O Jardim Botânico, no Rio de Janeiro, além de bairro chique e sede da Globo, é também palco de um dos conflitos que opõe hoje – indevidamente! – o direito à moradia e a preservação ambiental. No caso, trata-se do conflito entre o direito dos moradores da comunidade do Horto, que vivem ali há décadas, e a necessidade de o Jardim expandir e melhorar suas condições de pesquisa botânica e funcionamento. O núcleo de moradores teve origem na vila que abrigava funcionários de uma fábrica instalada no local no começo do século 19, e posteriormente, de trabalhadores do próprio Jardim Botânico, que foram autorizados pelo parque para residir na área, que é de propriedade da União.


Este caso é emblemático de um embate cada vez mais frequente entre a proteção do direito ambiental e do direito à moradia.
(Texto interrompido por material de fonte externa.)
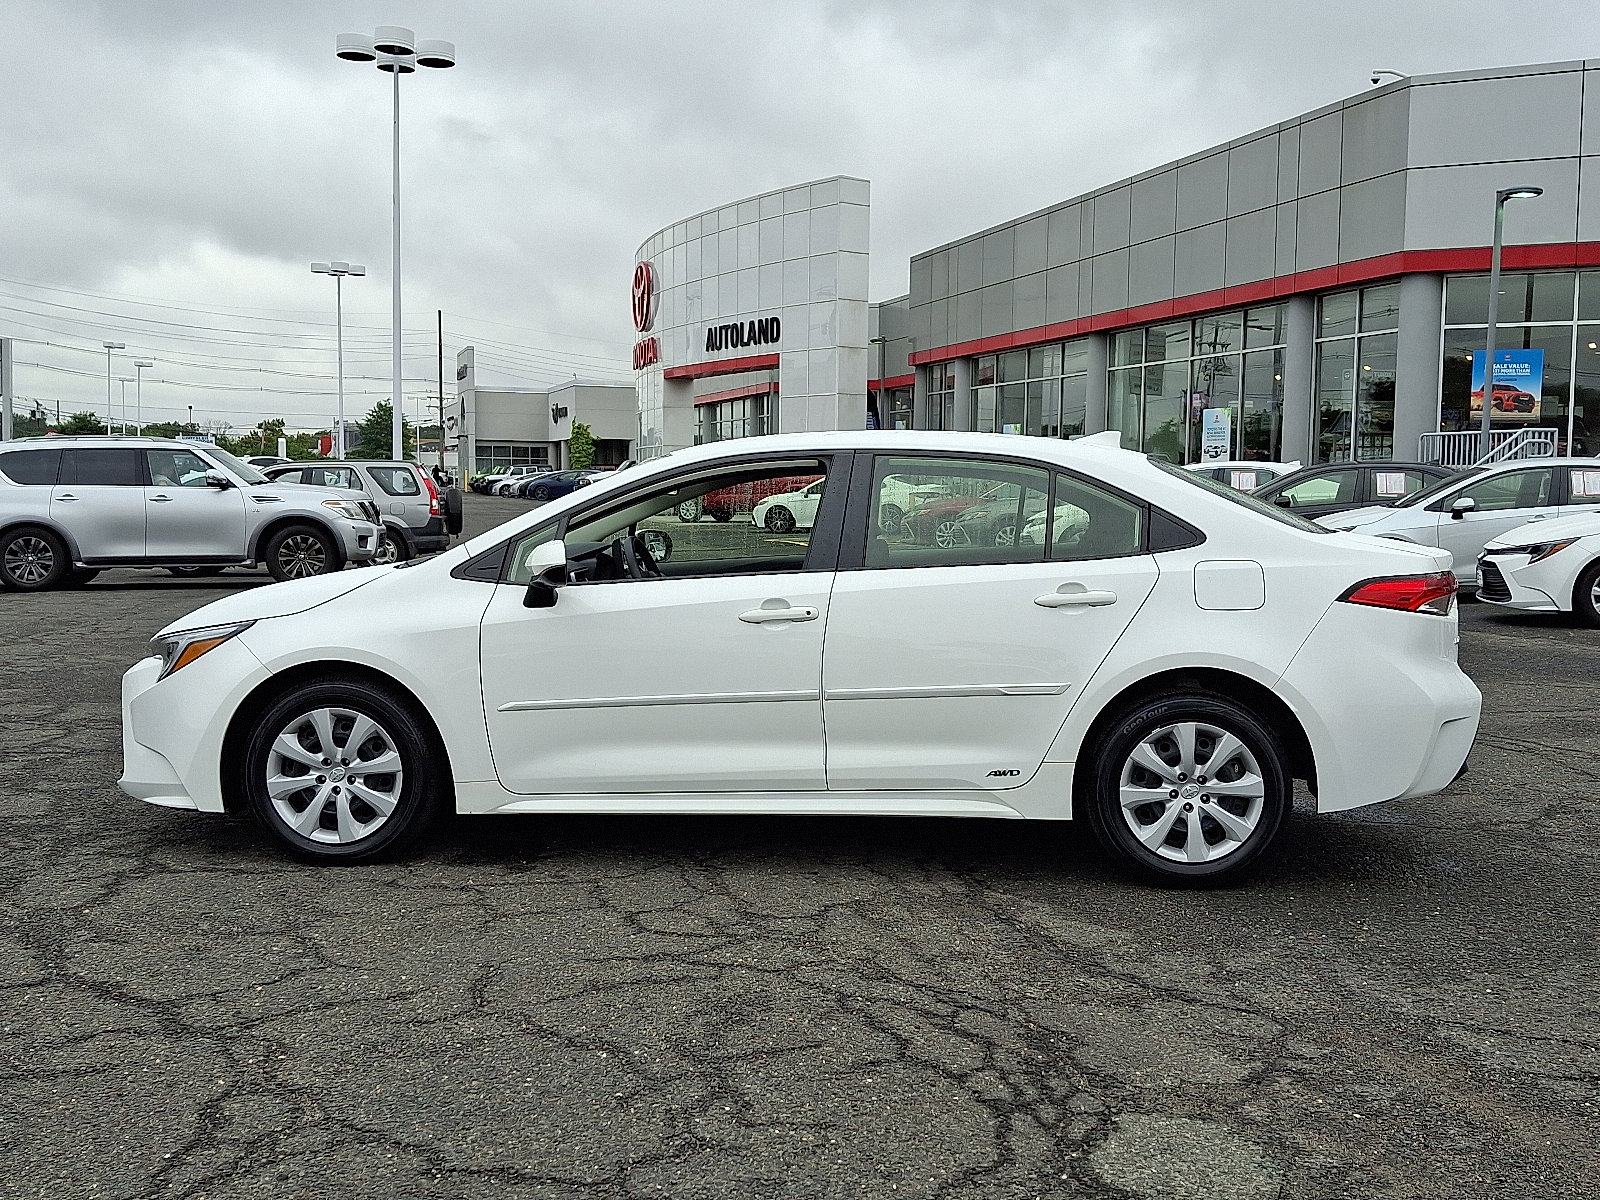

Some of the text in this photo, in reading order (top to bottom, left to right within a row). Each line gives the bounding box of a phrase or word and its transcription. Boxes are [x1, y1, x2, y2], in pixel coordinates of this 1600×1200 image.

[705, 316, 781, 352] AUTOLAND
[633, 337, 657, 370] OYOTA
[985, 769, 1021, 777] AWD
A verdade é que esta contraposição é falsa. Muitas situações de conflito entre usos da terra podem e devem ser resolvidas com projetos urbanísticos e arquitetônicos que equacionem a plena realização destes direitos, com um olhar específico para cada caso. Entretanto, o que temos observado é uma enorme diferença de tratamento dos conflitos envolvendo o tema da preservação ambiental quando se trata de instituições, empresas ou moradias de alta renda e os moradores mais pobres. Enquanto para os primeiros vale a vista grossa – ou, no limite, as multas e compensações ambientais – os moradores pobres são sistematicamente removidos. Com pouco poder de disputa na esfera política, estas comunidades são definidas como “invasores” e, assim, constrói-se na opinião pública a justificativa para sua eliminação daquele lugar.
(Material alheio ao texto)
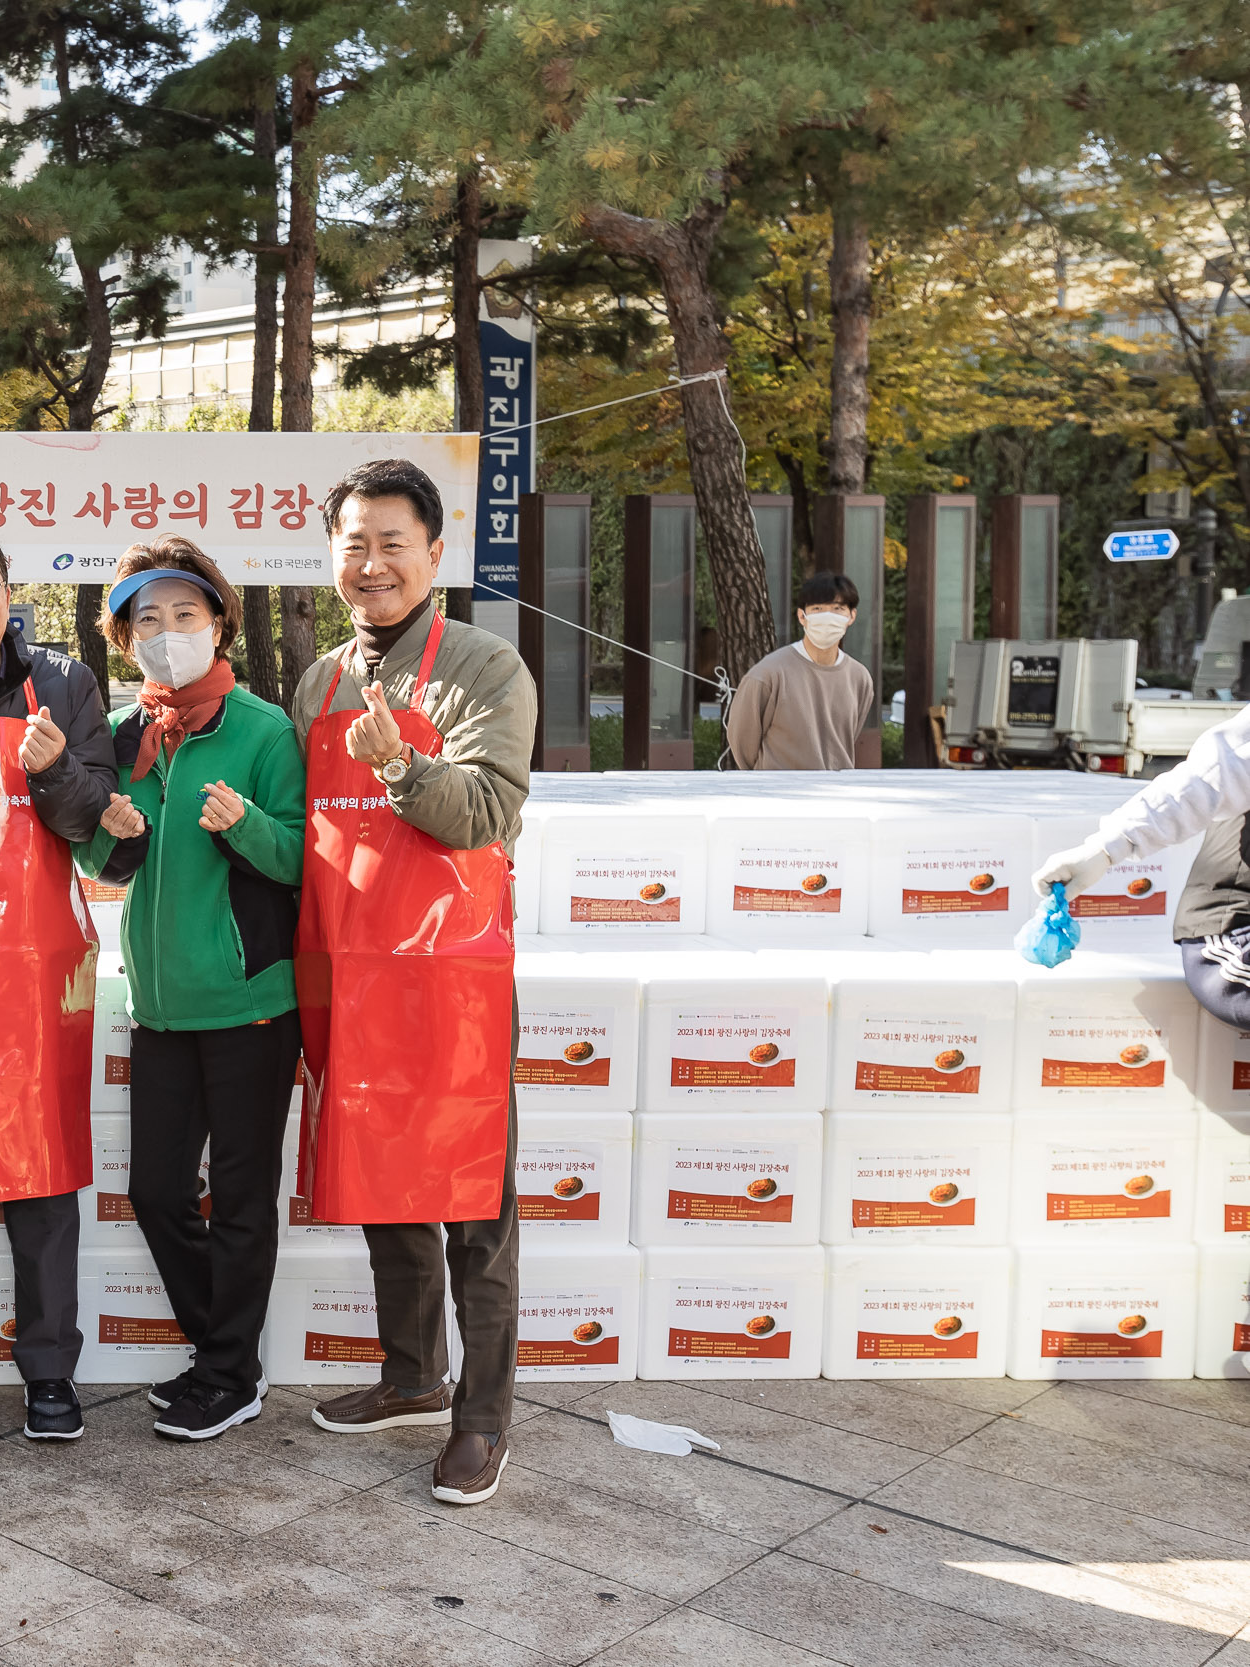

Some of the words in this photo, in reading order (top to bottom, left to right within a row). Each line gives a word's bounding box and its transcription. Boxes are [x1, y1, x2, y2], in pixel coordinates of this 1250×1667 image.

[489, 356, 524, 544] 광진구의회
[74, 481, 208, 530] 사랑의
[228, 481, 324, 530] 김장
[479, 564, 519, 573] GWANGJIN-
[488, 573, 519, 582] COUNCIL
[313, 798, 328, 811] 광진
[330, 797, 359, 810] 사랑의
[532, 1026, 547, 1035] 광진
[549, 1026, 572, 1035] 사랑의
[576, 1027, 606, 1036] 김장축제
[695, 1028, 714, 1036] 제1회
[717, 1028, 732, 1037] 광진
[734, 1028, 757, 1037] 사랑의
[760, 1028, 790, 1037] 김장축제
[522, 1162, 536, 1171] 광진
[539, 1162, 561, 1171] 사랑의
[565, 1162, 595, 1171] 김장축제
[676, 1161, 692, 1169] 2023
[694, 1162, 713, 1170] 제1회
[715, 1162, 730, 1171] 광진
[732, 1163, 755, 1172] 사랑의
[759, 1164, 789, 1173] 김장축제
[694, 1299, 712, 1308] 제1회
[715, 1300, 730, 1309] 광진
[732, 1300, 754, 1309] 사랑의
[758, 1301, 787, 1310] 김장축제
[519, 1308, 538, 1317] 제1회
[541, 1308, 555, 1317] 광진
[558, 1308, 580, 1317] 사랑의
[584, 1307, 613, 1316] 김장축제
Neste caso do Jardim Botânico, um projeto desenvolvido por pesquisadores da Universidade Federal do Rio de Janeiro (UFRJ) em conjunto com a Secretaria do Patrimônio da União (SPU) busca superar conflitos entre essas esferas e compatibilizá-las, priorizando a manutenção das famílias no local. Este projeto procura regularizar o território, assegurando a preservação ambiental e, ao mesmo tempo, garantir o direito à moradia das famílias, realocando, na mesma região, as que estão em situação de risco ou cuja permanência de fato impacta nas condições de funcionamento do Jardim.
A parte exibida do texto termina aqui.